Miłośnicy pieczonych ziemniaków na Śląsku mają szczególny sposób na obchodzenie zmiany pór roku. Odkąd pamiętać, wrześniowe dni oznaczają dla nich rozpoczęcie żniwa ziemniaczanego, które swoje początki ma w dniu św. Tekli, czyli 23 września. Zgodnie z tradycją, po dniu ciężkiej pracy na polach, wieczory umilały ogniska, nad którymi pieczono ziemniaki. Taki zwyczaj przetrwał do dzisiaj i jest obchodzony jako Dzień Pieczonego Ziemniaka w wielu gminach polskich.

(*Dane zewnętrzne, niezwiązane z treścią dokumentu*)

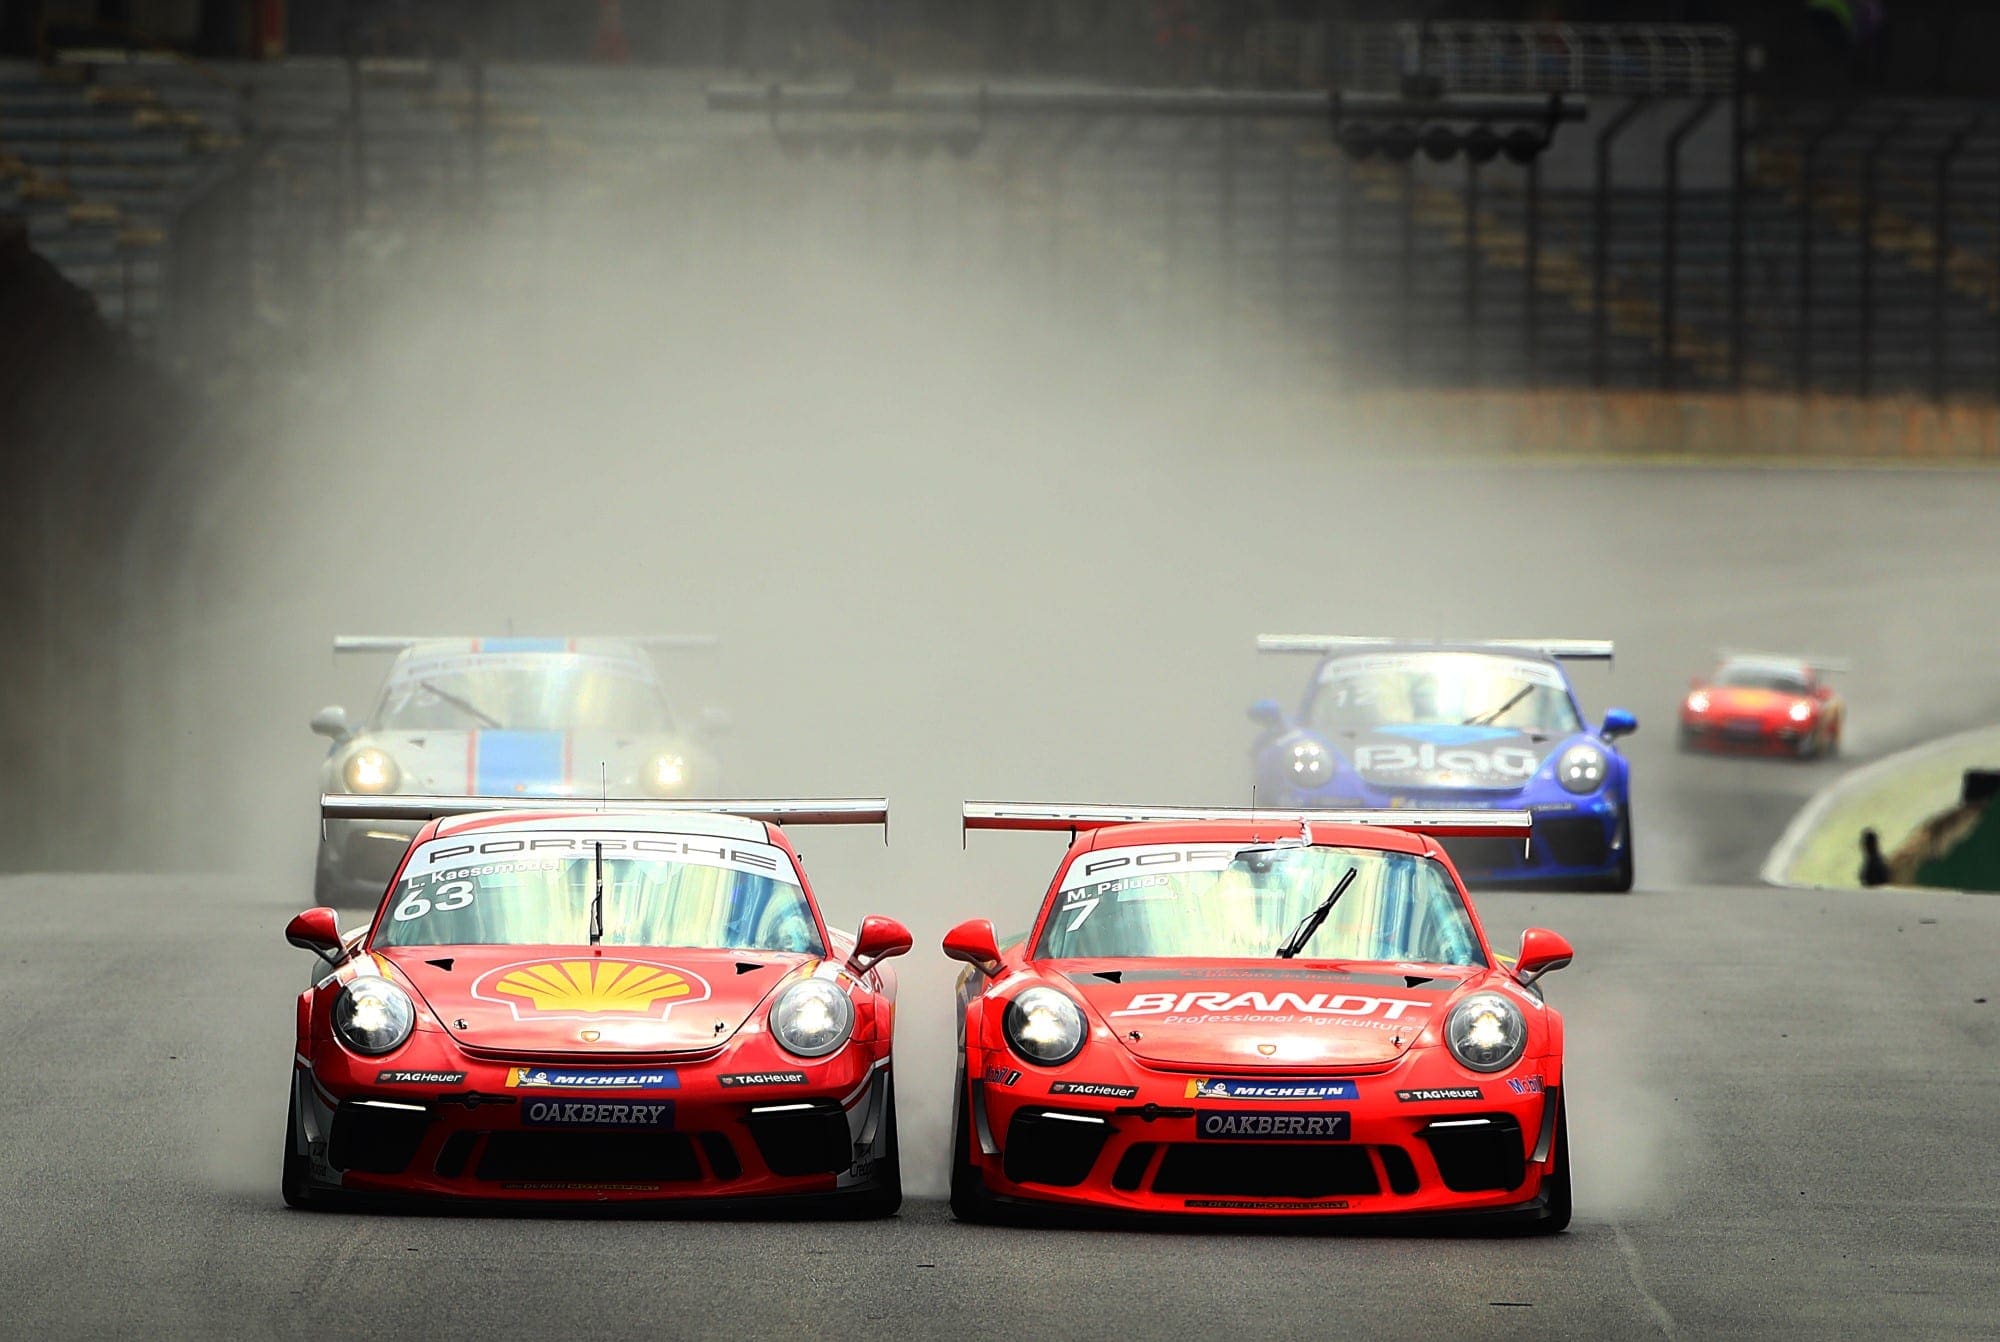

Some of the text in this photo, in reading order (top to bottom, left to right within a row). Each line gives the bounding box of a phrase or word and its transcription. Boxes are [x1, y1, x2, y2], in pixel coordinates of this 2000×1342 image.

Także w Makoszowach, tradycja ta jest żywa i kultywowana. Właśnie tam minionej niedzieli odbyły się uroczystości związane z Dniem Pieczonego Ziemniaka. Organizatorami wydarzenia była Rada Dzielnicy i Ochotnicza Straż Pożarna Makoszowy, które zaprosiły mieszkańców na imprezę ku czci tego skromnego, lecz niezwykle smacznego warzywa.
Uczestnicy mogli cieszyć się wieloma atrakcjami przygotowanymi specjalnie dla nich. Wśród nich znalazły się oczywiście pieczone ziemniaki, ale także kiełbaski, krupnioki, a także gorąca grochówka i ciepłe napoje. Nie zabrakło również występów artystycznych oraz różnorodnych gier i zabaw dla najmłodszych. Była to doskonała okazja do zapoznania się z tradycjami kuchni śląskiej i spędzenia czasu w przyjemnej atmosferze.
Bez wątpienia, tradycyjne obchody Dnia Pieczonego Ziemniaka w Makoszowach można uznać za udane i cieszące się popularnością wśród mieszkańców tego regionu.